Hi, I’m Christian and this is a newsletter with interesting content and links orbiting the world of graph.
This is the third edition of the newsletter and I’m really interested to hear if it’s at all interesting. Drop me a line to let me know what’s good and what’s... less good.
This edition was sent out to subscribers on the 27th of January. Sign up at the bottom to get source/target delivered to your inbox every other Thursday!
When you look up at the night sky what do you see? If you’re graph-inclined (as I’m sure my readers are!) you probably spot constellations straight away. Indeed, an early historical example of a network graph is that of the night’s sky. As ever there’s a practical application for visualizing these graphs: the positions of the stars in this network is important for, say, navigation or the forensic analysis of photographs.
To an observer looking upwards it makes sense that these stars appear to be in a fixed point in the sky. The same can be said when we work with graphs with a geospatial element—typically latitude/longitude coordinates. There’s a snapshot or range of fixed locations for the vertices that makes sense to the viewer. There’s limited benefit to running a layout algorithm to highlight clusters of interest as you lose the geospatial context that makes the view so useful.
There are lots of competing terms available when we talk about graphs. This is especially true for the confluence of graphs and geospatial data. I’ve spoken to many intelligence & insurance fraud analysts who refer to graphs as “maps”. For individuals in the orchestration and network management space; “network maps” is synonymous with “graph”. Sometimes it seems the only universally-acceptable term is “hairball”.
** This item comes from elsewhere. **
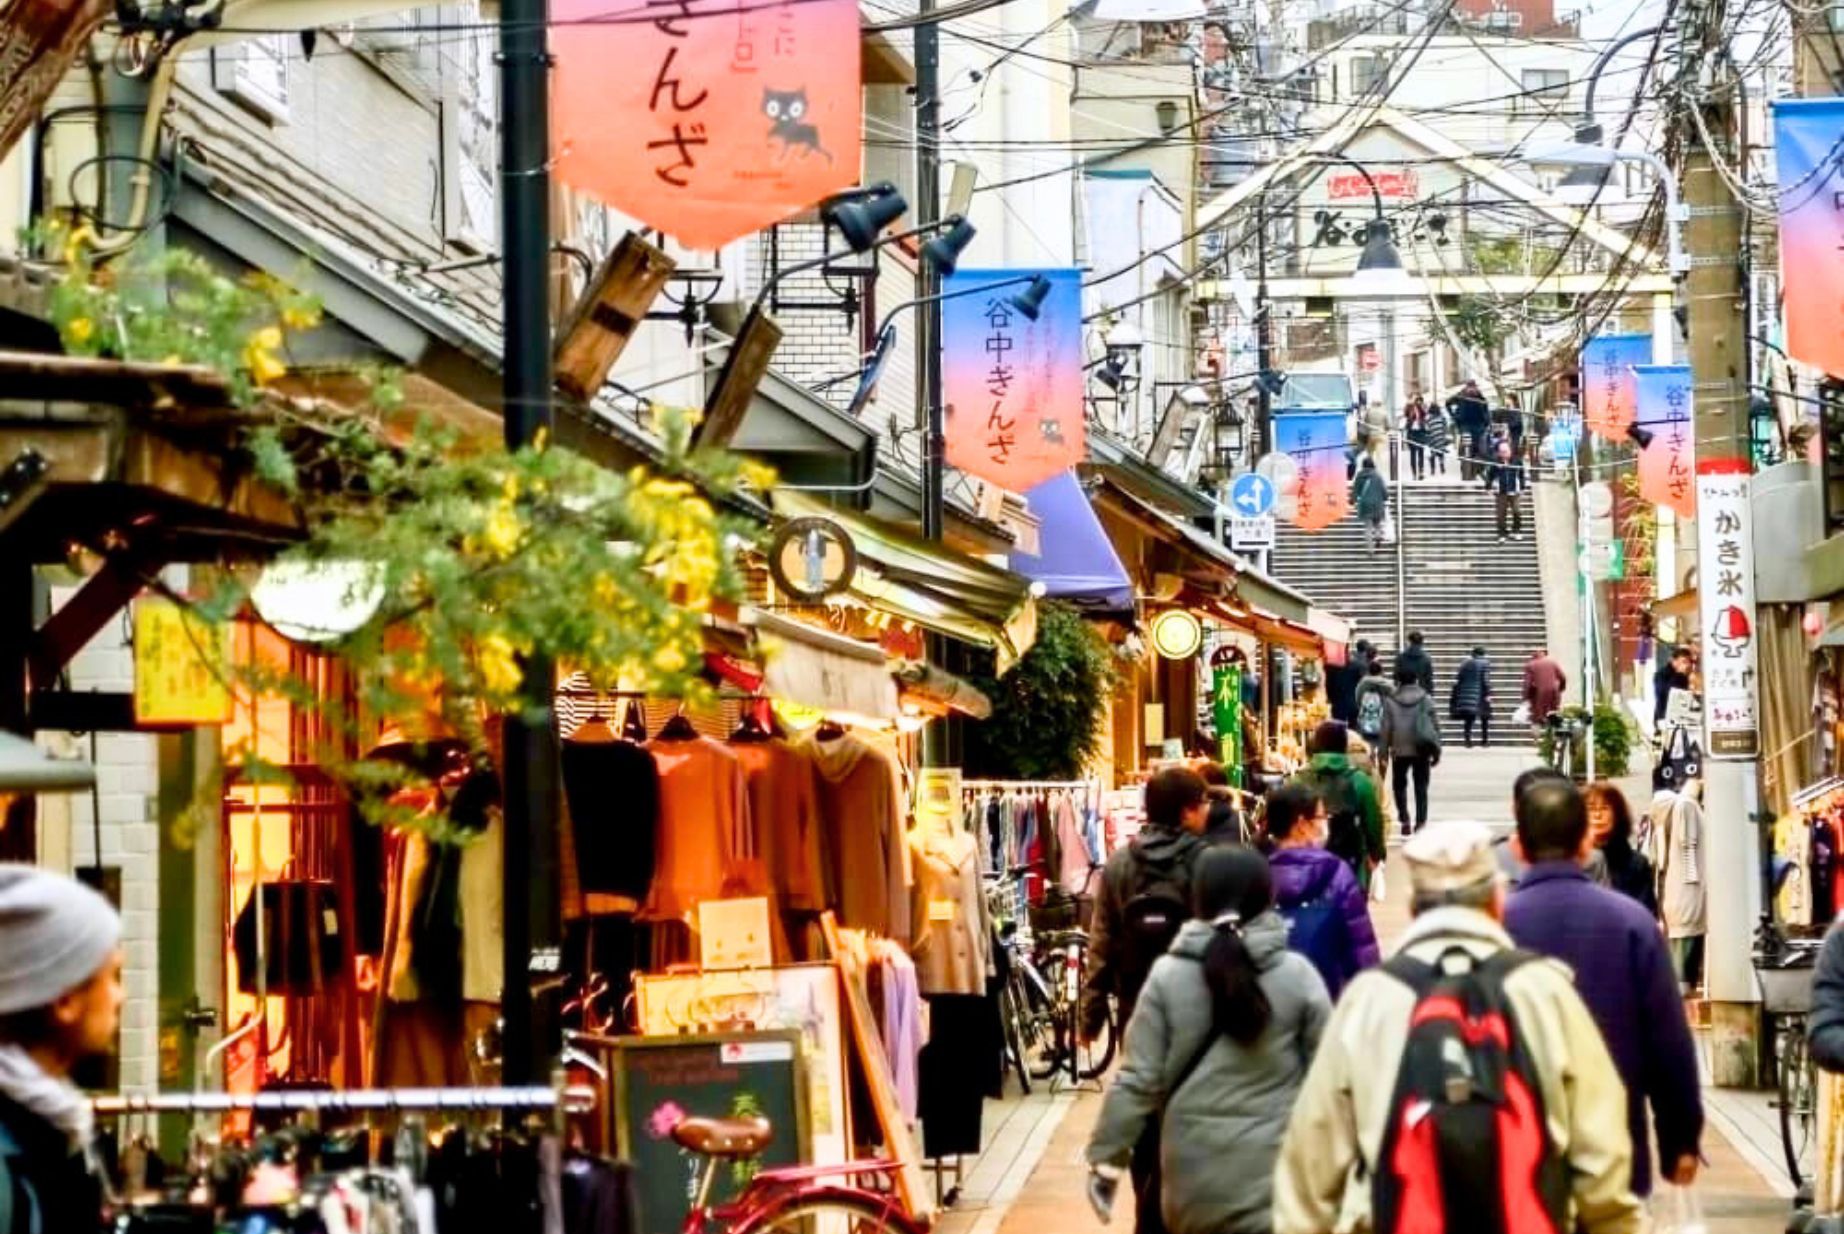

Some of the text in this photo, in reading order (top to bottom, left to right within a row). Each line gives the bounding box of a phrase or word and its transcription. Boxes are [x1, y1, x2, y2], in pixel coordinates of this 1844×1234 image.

[984, 297, 1016, 465] 谷中ぎんざ
[1666, 385, 1688, 499] 谷中ぎんざ
[1715, 509, 1743, 597] かき氷
I hadn’t heard of “origin-destination” as a term to describe geospatial graphs until last year but it’s an apt way to describe something I previously referred to as “graphs on maps”. Just like “source & target”, “origin & destination” explains the role of the nodes we’re considering.
One stellar example of this sort of visualization is flowmap.blue – a project I admire for bringing together a number of technologies into a slick and cohesive package:
- Data for flowmap.blue is supplied by Google Sheets which makes it extremely accessible for users to create their own origin-destination maps with ease.
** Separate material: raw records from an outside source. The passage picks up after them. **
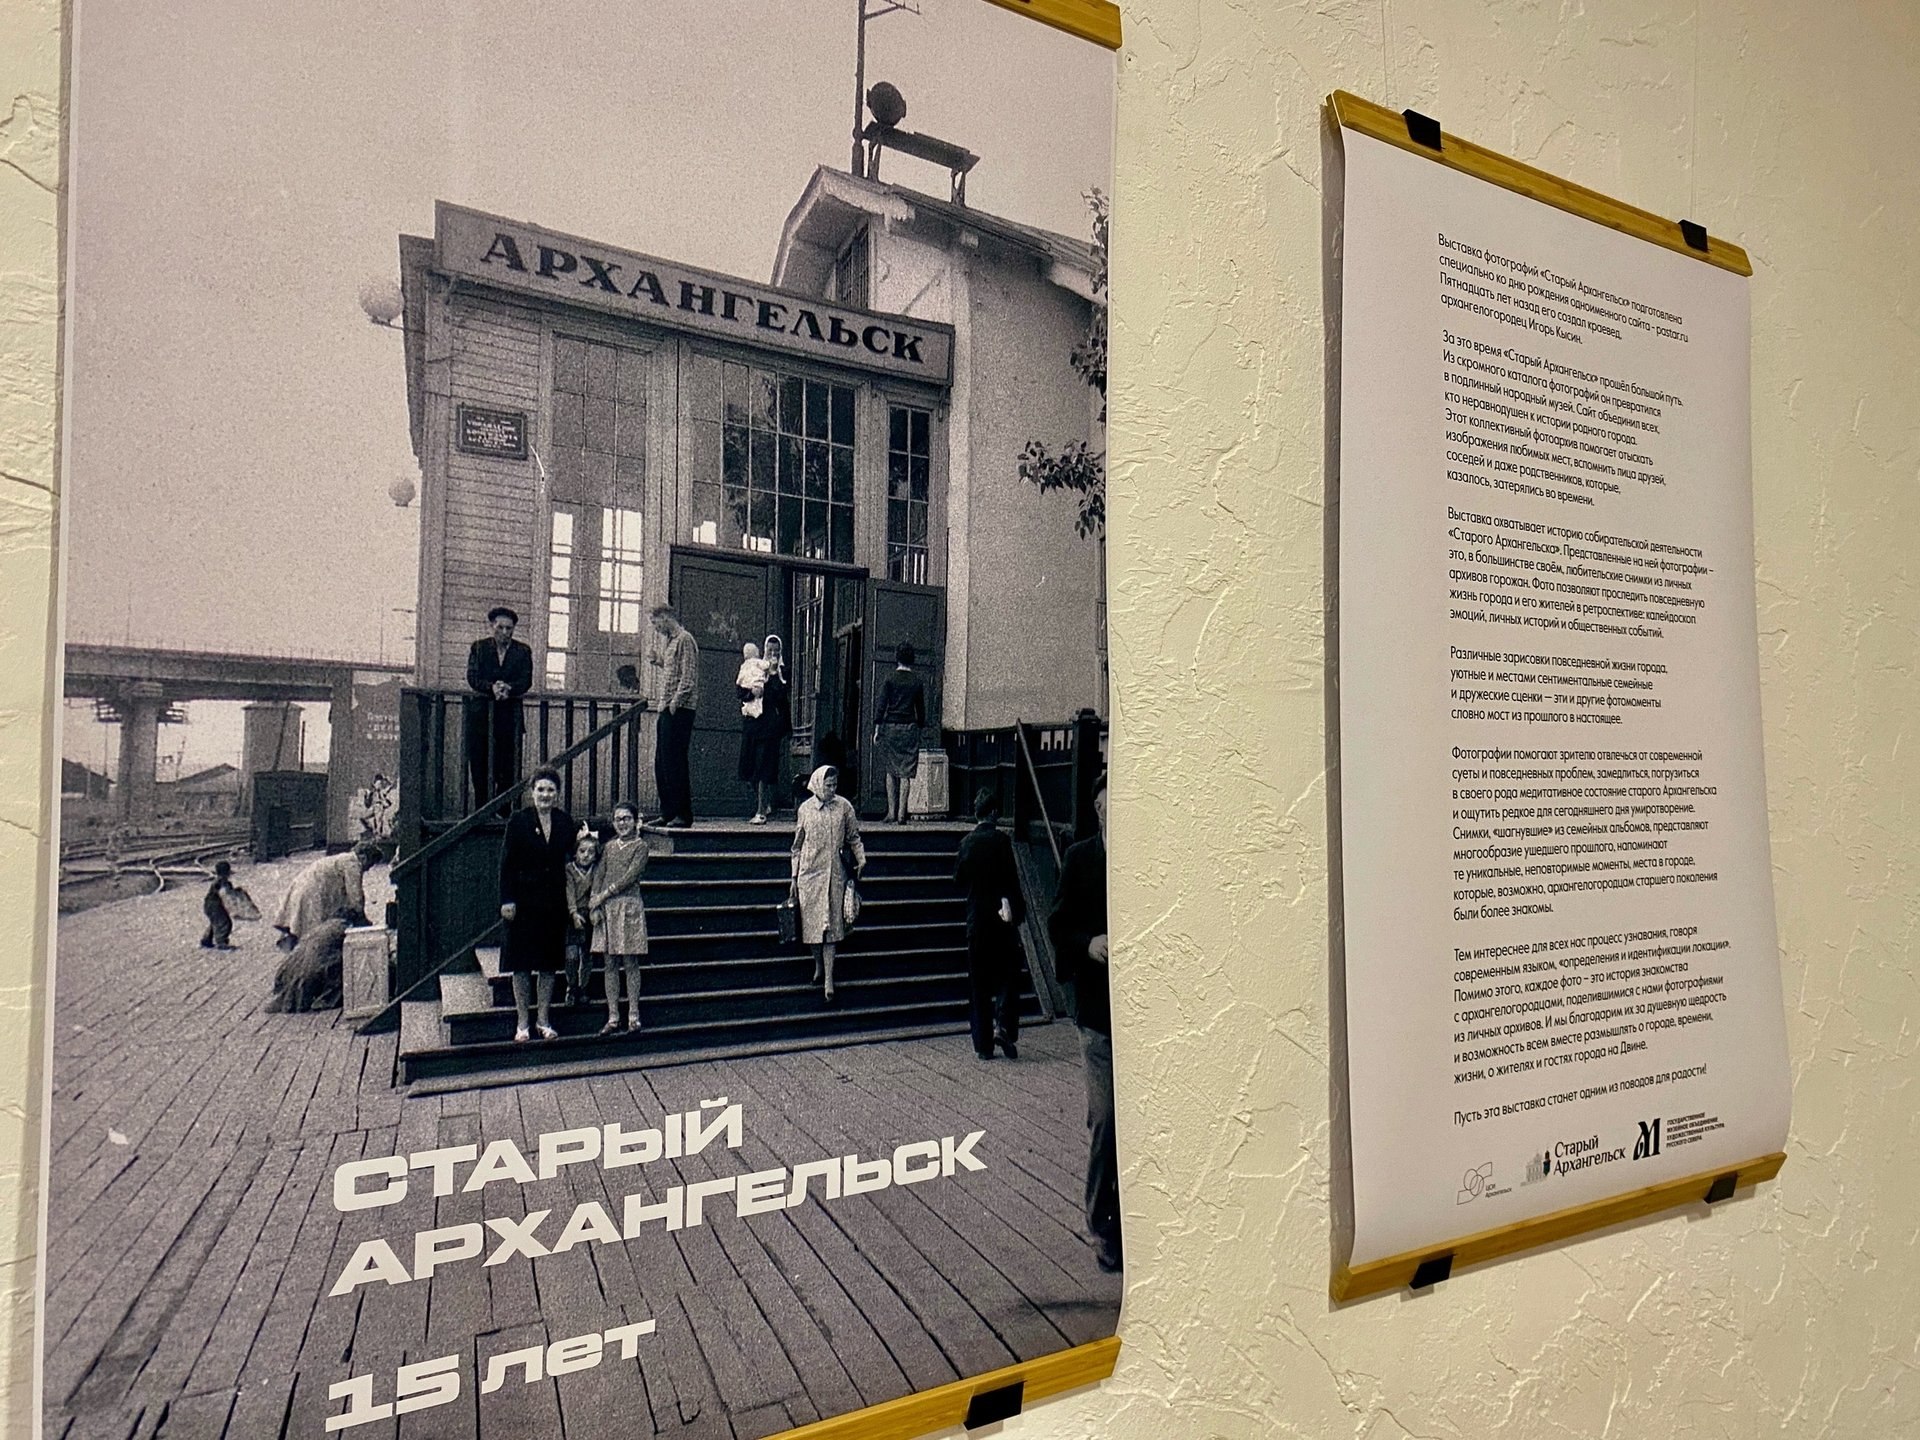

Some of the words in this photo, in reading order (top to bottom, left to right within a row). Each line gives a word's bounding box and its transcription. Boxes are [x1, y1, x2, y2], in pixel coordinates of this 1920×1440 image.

[1438, 233, 1482, 258] Выставка
[1484, 249, 1538, 277] фотографий
[1540, 269, 1576, 289] «Старый
[1631, 301, 1682, 324] подготовлена
[1439, 255, 1494, 281] специально
[1508, 278, 1526, 291] дню
[1527, 284, 1569, 304] рождения
[480, 232, 923, 363] АРХАНГЕЛЬСК
[1440, 271, 1495, 299] Пятнадцать
[1496, 292, 1511, 304] лет
[1513, 298, 1540, 315] назад
[1541, 306, 1556, 318] его
[1557, 311, 1586, 328] создал
[1441, 294, 1527, 329] архангелогородец
[1528, 317, 1554, 336] Игорь
[1555, 325, 1582, 344] Кысин.
[1442, 329, 1455, 344] За
[1456, 336, 1472, 349] это
[1473, 341, 1502, 357] время
[1503, 348, 1542, 368] «Старый
[1543, 359, 1598, 382] Архангельск»
[1443, 348, 1455, 363] Из
[1456, 356, 1506, 377] скромного
[1507, 370, 1547, 388] каталога
[1548, 378, 1599, 401] фотографий
[1451, 373, 1501, 394] подлинный
[1503, 387, 1547, 406] народный
[1548, 399, 1575, 413] музей.
[1444, 391, 1460, 403] кто
[1462, 396, 1528, 419] неравнодушен
[1536, 414, 1571, 430] истории
[1445, 407, 1467, 424] Этот
[1469, 417, 1531, 438] коллективный
[1532, 428, 1578, 449] фотоархив
[1445, 430, 1508, 452] изображения
[1510, 444, 1550, 461] любимых
[1551, 454, 1573, 467] мест,
[1446, 450, 1485, 466] соседей
[1494, 460, 1518, 473] даже
[1519, 465, 1584, 486] родственников,
[1447, 470, 1492, 488] казалось,
[1493, 479, 1544, 496] затерялись
[1557, 491, 1594, 506] времени.
[1447, 506, 1492, 525] Выставка
[1493, 517, 1545, 533] охватывает
[1547, 526, 1583, 541] историю
[1650, 543, 1702, 557] деятельности
[1448, 527, 1493, 545] «Старого
[1448, 549, 1466, 562] это,
[1475, 549, 1534, 569] большинстве
[1535, 561, 1564, 574] своём,
[1449, 569, 1488, 583] архивов
[1489, 574, 1530, 588] горожан.
[1531, 577, 1555, 591] Фото
[1556, 583, 1600, 596] позволяют
[1649, 594, 1705, 610] повседневную
[1449, 589, 1477, 601] жизнь
[1479, 592, 1512, 606] города
[1521, 597, 1537, 608] его
[1538, 599, 1575, 611] жителей
[1450, 609, 1487, 622] эмоций,
[1489, 613, 1522, 625] личных
[1523, 617, 1559, 630] историй
[1450, 645, 1501, 661] Различные
[1503, 653, 1550, 666] зарисовки
[1551, 656, 1610, 669] повседневной
[1450, 669, 1486, 682] уютные
[1495, 672, 1536, 683] местами
[1537, 674, 1612, 687] сентиментальные
[1459, 689, 1509, 703] дружеские
[1511, 692, 1542, 703] сценки
[1553, 694, 1568, 703] эти
[1451, 709, 1485, 719] словно
[1487, 710, 1510, 720] мост
[1523, 711, 1568, 724] прошлого
[1452, 746, 1512, 762] Фотографии
[1513, 750, 1557, 760] помогают
[1559, 750, 1596, 763] зрителю
[1649, 750, 1702, 763] современной
[1451, 769, 1479, 782] суеты
[1489, 769, 1553, 780] повседневных
[1555, 766, 1595, 781] проблем,
[1459, 789, 1492, 799] своего
[1494, 788, 1518, 802] рода
[1519, 788, 1582, 799] медитативное
[1460, 808, 1500, 822] ощутить
[1502, 808, 1535, 821] редкое
[1536, 807, 1552, 818] для
[1553, 806, 1613, 817] сегодняшнего
[1452, 826, 1491, 839] Снимки,
[1493, 826, 1553, 840] «шагнувшие»
[1653, 821, 1708, 834] представляют
[1453, 844, 1522, 860] многообразие
[1524, 845, 1569, 859] ушедшего
[1453, 870, 1464, 880] те
[1466, 866, 1523, 882] уникальные,
[1524, 862, 1590, 876] неповторимые
[1453, 888, 1496, 902] которые,
[1497, 884, 1545, 897] возможно,
[1676, 872, 1717, 883] поколения
[1453, 906, 1478, 921] были
[1480, 904, 1509, 918] более
[1511, 903, 1553, 915] знакомы.
[1453, 948, 1472, 961] Тем
[1473, 944, 1529, 960] интереснее
[1531, 942, 1548, 954] для
[1549, 940, 1569, 951] всех
[1570, 937, 1586, 948] нас
[1453, 965, 1520, 983] современным
[1522, 961, 1557, 973] языком,
[1454, 988, 1493, 1002] Помимо
[1495, 984, 1523, 996] этого,
[1524, 979, 1558, 992] каждое
[1560, 975, 1582, 990] фото
[1642, 962, 1688, 976] знакомства
[1461, 998, 1564, 1023] архангелогородцами,
[1664, 976, 1723, 994] фотографиями
[1454, 1032, 1465, 1043] из
[1467, 1026, 1501, 1041] личных
[1503, 1020, 1543, 1037] архивов.
[1462, 1043, 1524, 1062] возможность
[1526, 1039, 1549, 1050] всем
[1550, 1032, 1582, 1046] вместе
[1454, 1070, 1486, 1083] жизни,
[1496, 1060, 1534, 1075] жителях
[1543, 1053, 1573, 1067] гостях
[1574, 1047, 1606, 1063] города
[1454, 1111, 1482, 1127] Пусть
[1483, 1106, 1500, 1119] эта
[1502, 1097, 1545, 1115] выставка
[1547, 1091, 1577, 1105] станет
[1671, 1063, 1706, 1083] радости!
[333, 1096, 743, 1212] СТАРЫЙ
[1554, 1135, 1599, 1158] Старый
[1553, 1147, 1627, 1177] Архангельск
[329, 1130, 986, 1297] АРХАНГЕЛЬСК
[325, 1354, 460, 1432] 15
[481, 1319, 656, 1394] лет
- Mapbox is quickly becoming the de-facto standard for geospatial visualizations, and for good reason (for one example see source/target favourite Andrei Kashcha’s project here). The comprehensive API and overall quality of Mapbox’s components is admirable.
- Above all, the user experience is very smooth. So what if the fans in my MacBook spin up and the case heats up enough to scald my legs? When I use flowmap.blue I feel like I’m already in the future of web-based visualization tools.
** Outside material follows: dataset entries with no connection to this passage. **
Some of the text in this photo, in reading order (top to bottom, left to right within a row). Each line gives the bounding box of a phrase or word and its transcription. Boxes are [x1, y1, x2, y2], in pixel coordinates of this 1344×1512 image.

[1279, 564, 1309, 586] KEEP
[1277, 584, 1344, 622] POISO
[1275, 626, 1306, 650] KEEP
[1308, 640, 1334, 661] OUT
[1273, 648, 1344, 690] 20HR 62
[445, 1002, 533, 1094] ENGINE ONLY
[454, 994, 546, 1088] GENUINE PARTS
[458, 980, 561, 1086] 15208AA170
Take a look at my top three favorite Flowmaps to see what I mean:
- A mesmerizing view of bird migration on a single night in Europe.
- A fascinating view of refugee flow around the world in 2017.
- Near and dear to my heart as an ex-Torontonian, this map shows the regional travel flows in the “Golden Horseshoe”.
Let me know if you have any favorites. If you don’t have newsletter fatigue already you can sign up to the flowmap.blue release newsletter on the homepage.
Just in time for this week’s look at origin-destination graphs here’s a recent survey and attempt at building a taxonomy of geospatial graphs from Sarah Schöttler. I could probably write a whole thing about some of these.
To bring us back down to Earth here’s a mildly-frustrating article from TED that clearly prioritizes busy and distracting visualizations over insightful ones.
Janos Szendi-Varga has updated their Graph Technology Landscape repository for 2020, with guest coverage on the GraphAware blog.
It’s not an easy job to label and classify hundreds of companies, projects & books but Janos has a pretty good go of it.
The Future of Graph Panel from the Global Graph Summit has been posted to YouTube and it’s a breezy coverage of the processes and challenges facing graph practitioners in 2020 and beyond.
I took a stab at visualizing some Pokemon data a little while ago but there’s a fresh blogpost from Joe Depeau (Neo4j) exploring it in a lot more detail. I’ve been spending some time with the Cypher query language recently and (as showcased here) it’s really second-to-none for graph-focused querying.
I stumbled upon this blogpost from Snow Plow Analytics in 2018 and it’s a thorough look at the pitfalls and benefits of different event-data modelling for graphs. Definitely worth a bookmark for the next time you’re umm-ing and ahh-ing over the right model for your event data.
I enjoyed this article from Venkatesh Rao. It highlights Roam Research (see source/target #1!), newsletters (like this!) static websites (like mine!) and Twitter threads (!) as an emerging space of a sort of lower-fi-internet. The article gets pretty rambly by the end but there’s nothing wrong with that, right?
That’s it for now. Let me know if you have any thoughts or suggestions. Otherwise I’ll see you again in two weeks.